6. An optical adjustment method in a spatial optical communication system that transmits communication light from a transmitter to a receiver, A predetermined pattern is prepared around the light-receiving section of the receiver, The variable focus optical system focuses guide light, which is on the same optical axis as the communication light, at a focal position between the transmitter and the receiver, thereby illuminating a wider area than the light receiving unit. The imaging unit captures a portion of the predetermined pattern illuminated by the guide light, The control unit adjusts at least one of the focal position and optical axis of the variable focus optical system so that the captured partial pattern coincides with a predetermined portion of the predetermined pattern.
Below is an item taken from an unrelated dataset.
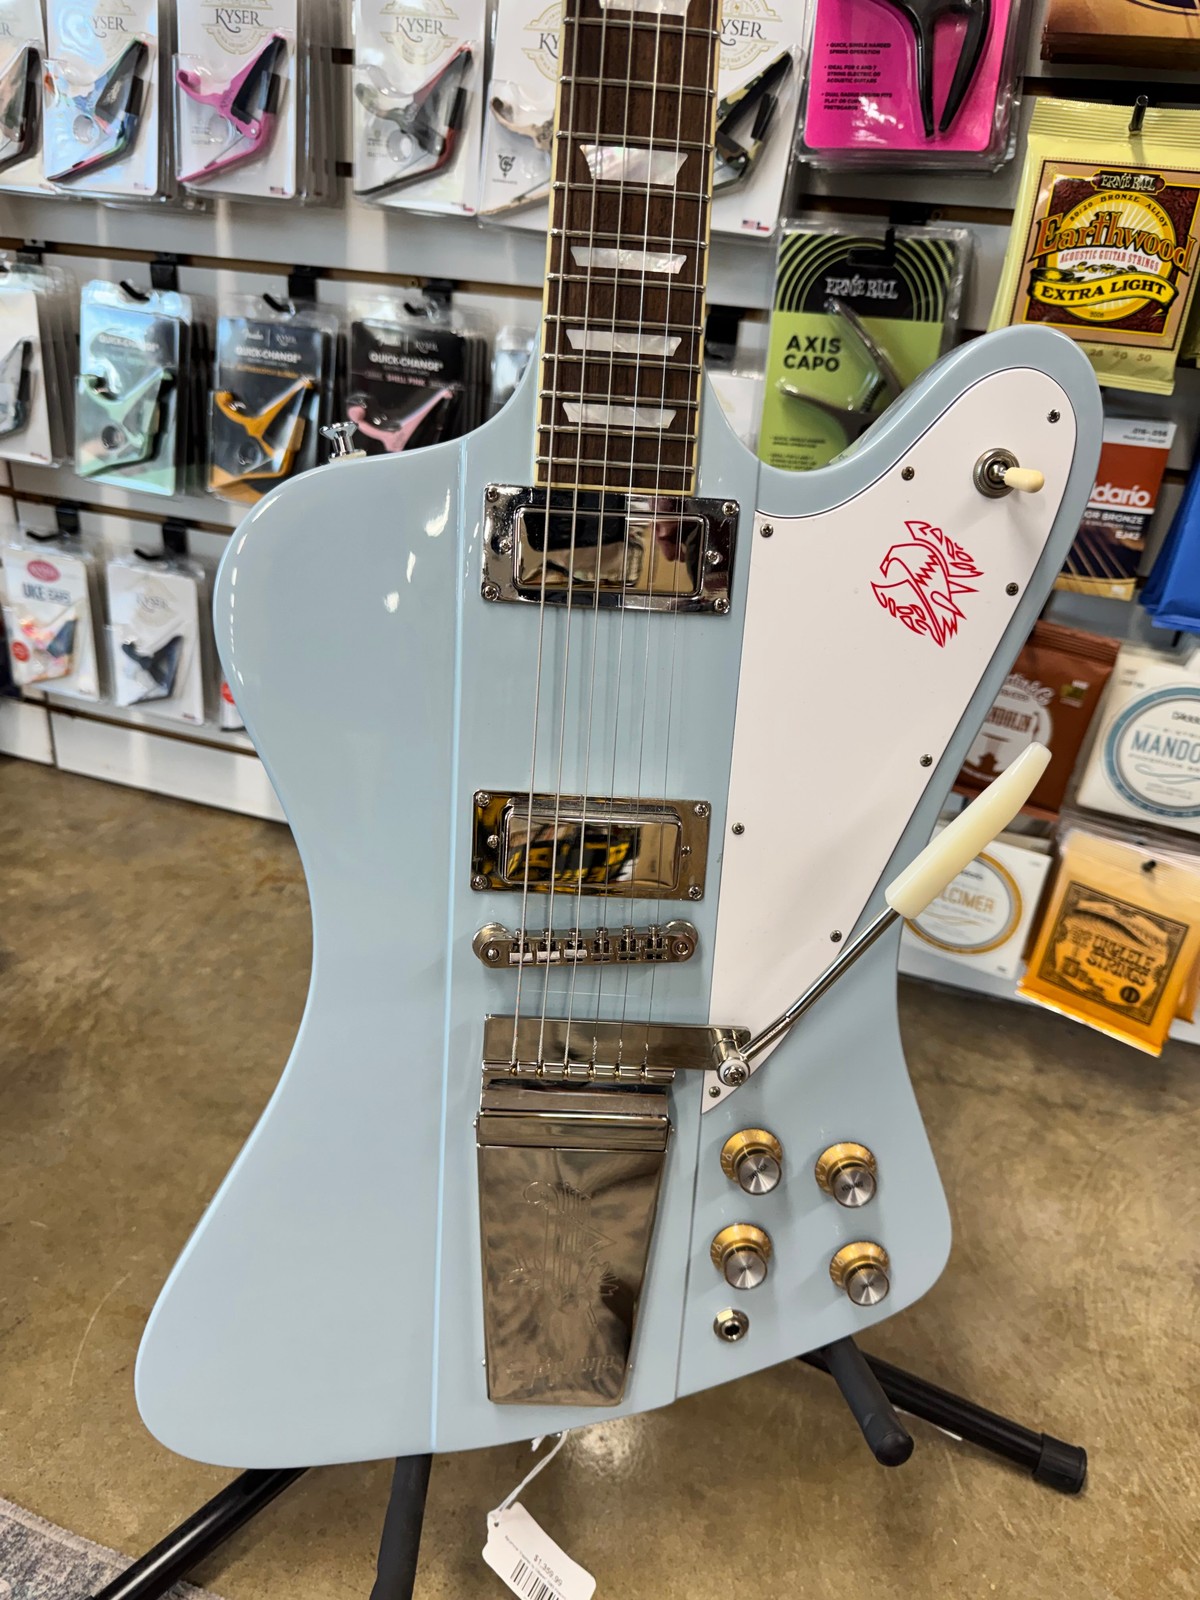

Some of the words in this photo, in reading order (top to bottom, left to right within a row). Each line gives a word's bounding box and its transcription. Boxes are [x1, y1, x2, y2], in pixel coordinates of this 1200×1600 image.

Optical adjustment method.
7. The optical adjustment method according to claim 6, wherein the variable focus optical system includes a lens having a plurality of refractive surfaces, and the focal positions of the communication light and the guide light are different.
8. A transmitter including an optical adjustment device according to any one of claims 1 to 3, A transmitter that performs spatial optical communication using the signal light after the control unit has adjusted at least one of the focal position and the optical axis of the variable focus optical system using the guide light.
9. The transmitter according to claim 8, wherein the spatial optical signal system is a quantum key distribution system, and the signal light includes weak light having a quantum state.
10. A program that causes a computer to function as an optical adjustment device in a spatial optical communication system that transmits communication light from a transmitter to a receiver, The optical adjustment device includes a variable focus optical system that focuses guide light on the same optical axis as the communication light at a focal position between the transmitter and the receiver to illuminate the light-receiving surface, including the light-receiving part of the receiver, over a wider area than the light-receiving part, and an imaging unit that images a portion of a predetermined pattern formed around the light-receiving part that is illuminated by the guide light. The aforementioned computer, The function includes identifying the partial pattern from the imaging data of the imaging unit by irradiating it with the guide light, and performing pattern matching between the partial pattern and the predetermined pattern, A function to adjust at least one of the focal position and optical axis of the variable focus optical system so that the partial pattern coincides with a predetermined portion of the predetermined pattern, A program that achieves this.